In many ways, I had been through a war zone. Studies show that the emotional trauma of the NICU has a huge impact on parents. It is something that is hard to understand, unless you lived through it.

In addition to depression and PTSD, I experienced anxiety after the NICU. I think it is common, because anxiety levels are high while your baby is in the hospital and they may remain like this afterwards. When you have spent so many days wondering if your child will live or die, it's normal to be anxious about their health! To this day, I dread cold and flu season, wondering if George's lungs are still strong enough to take the onslaught of germs. Yes, I know it is silly because the child has never had anything wrong with his lungs (since birth!). But it is there. This article from Hormonal-Imbalances is a source of good information about one woman's experiences with anxiety after the birth and death of her twins.
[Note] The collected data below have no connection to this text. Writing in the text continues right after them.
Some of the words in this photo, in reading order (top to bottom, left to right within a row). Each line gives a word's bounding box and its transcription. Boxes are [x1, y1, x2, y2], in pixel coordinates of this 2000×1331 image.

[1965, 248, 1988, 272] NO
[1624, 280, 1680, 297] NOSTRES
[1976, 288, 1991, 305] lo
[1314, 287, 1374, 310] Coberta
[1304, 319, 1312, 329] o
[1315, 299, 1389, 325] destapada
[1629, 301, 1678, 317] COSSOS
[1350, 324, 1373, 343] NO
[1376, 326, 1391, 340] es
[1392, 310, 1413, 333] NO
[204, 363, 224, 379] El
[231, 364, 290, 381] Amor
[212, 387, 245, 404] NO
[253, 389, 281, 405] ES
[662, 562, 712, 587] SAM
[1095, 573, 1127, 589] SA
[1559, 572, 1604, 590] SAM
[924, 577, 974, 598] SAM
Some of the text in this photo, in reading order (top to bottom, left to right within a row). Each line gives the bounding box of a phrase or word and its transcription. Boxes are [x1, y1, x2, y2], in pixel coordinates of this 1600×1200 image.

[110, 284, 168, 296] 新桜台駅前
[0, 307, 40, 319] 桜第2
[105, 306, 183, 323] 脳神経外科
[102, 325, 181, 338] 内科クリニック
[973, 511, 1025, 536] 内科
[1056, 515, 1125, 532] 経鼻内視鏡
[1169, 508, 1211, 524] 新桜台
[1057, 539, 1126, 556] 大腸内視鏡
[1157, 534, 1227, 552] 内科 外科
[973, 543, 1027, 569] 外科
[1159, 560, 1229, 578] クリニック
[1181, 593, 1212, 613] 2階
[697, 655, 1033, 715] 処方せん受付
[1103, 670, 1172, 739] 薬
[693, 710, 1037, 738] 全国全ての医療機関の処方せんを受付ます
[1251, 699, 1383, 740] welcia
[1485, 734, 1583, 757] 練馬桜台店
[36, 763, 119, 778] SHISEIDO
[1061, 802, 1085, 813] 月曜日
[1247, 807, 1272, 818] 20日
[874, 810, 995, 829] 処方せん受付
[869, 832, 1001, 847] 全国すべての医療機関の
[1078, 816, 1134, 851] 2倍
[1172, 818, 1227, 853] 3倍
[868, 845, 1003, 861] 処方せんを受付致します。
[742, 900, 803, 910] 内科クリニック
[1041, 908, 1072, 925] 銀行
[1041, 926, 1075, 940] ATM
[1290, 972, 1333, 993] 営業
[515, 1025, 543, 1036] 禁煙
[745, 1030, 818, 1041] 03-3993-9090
If you want to know why I call PTSD and PDD "The Yellow Wallpaper" go here.

If you want to read about the niggling effects of PTSD and meeting one of our nurses 3 years later, go here.

In some ways, trying to take control of PTSD and living with PPD/anxiety is like constantly living in fall, praying you never see winter and wishing for spring. But sometimes, fall isn't so bad. There can be help in fall.

And maybe you can skip over winter and head straight for spring.

Monday, November 12, 2012

World Prematurity Day

Nov. 17 is World Prematurity Day. It's a day to sit back and reflect on the true miracle of a healthy baby.

Three days later, George, my own little late-term preemie, will turn four.

This week, in honor of him and his preemie cohorts, I will be sharing stories and information related to prematurity. Of course, Late Term Preemies (those born between 34-37 weeks, 6 days) are close to my heart.

Tatum at Ain't No Roller Coaster recently made some awesome graphics that give information about all sorts of things related to prematurity. Her oldest son is a late-term preemie and her youngest is a micro-preemie.

 
Although the phrase "Later Term Prematurity" encompasses kiddos born between 34-37 weeks, I can tell you there is a huge difference between those born at 35 weeks and those born at 37 weeks. My oldest son, Joseph, was born at 37w1d. He was small, five pounds 11 ounces, but breathed on his own. We did have to work at breastfeeding, waking him up every hour and half to eat, stimulating him to eat and working on his latch. However, how much of that was due to him being born at 37 weeks and me being a first-time breastfeeding mom, I don't know. I do know that we had no concerns over how much he was eating, no problems with his latch, he gained weight well and we had no worried about jaundice. He never had formula and nursed until he was 15 months old. To this day, he's about average in height and weight.

On the flip side, George was six pounds, eight ounces. (I took fish oil throughout my pregnancy and we think that's one reason he was labeled as Large for Gestational Age. Water immersion (I swam several times a week until he was born) and fish oil can increase  blood flow to the placenta, making for a well fed baby.) He was able to breathe at birth but he didn't breathe well. He was given to me as soon as he was born but I could tell something was wrong. With my older two children, I had a strong maternal desire to bring them to my breast, cuddle them and feed them. With George, I kept thinking, "Please take him away and make him better." I held him away from me and upright so he could breathe easier.

George had RDS. Even after he went home, I had to supplement with pumped breast milk, be careful to make sure he ate well and often and had to go in for frequent weight and bili checks. It wasn't until he was six weeks old, a week adjusted, that he began to gain and maintain his weight.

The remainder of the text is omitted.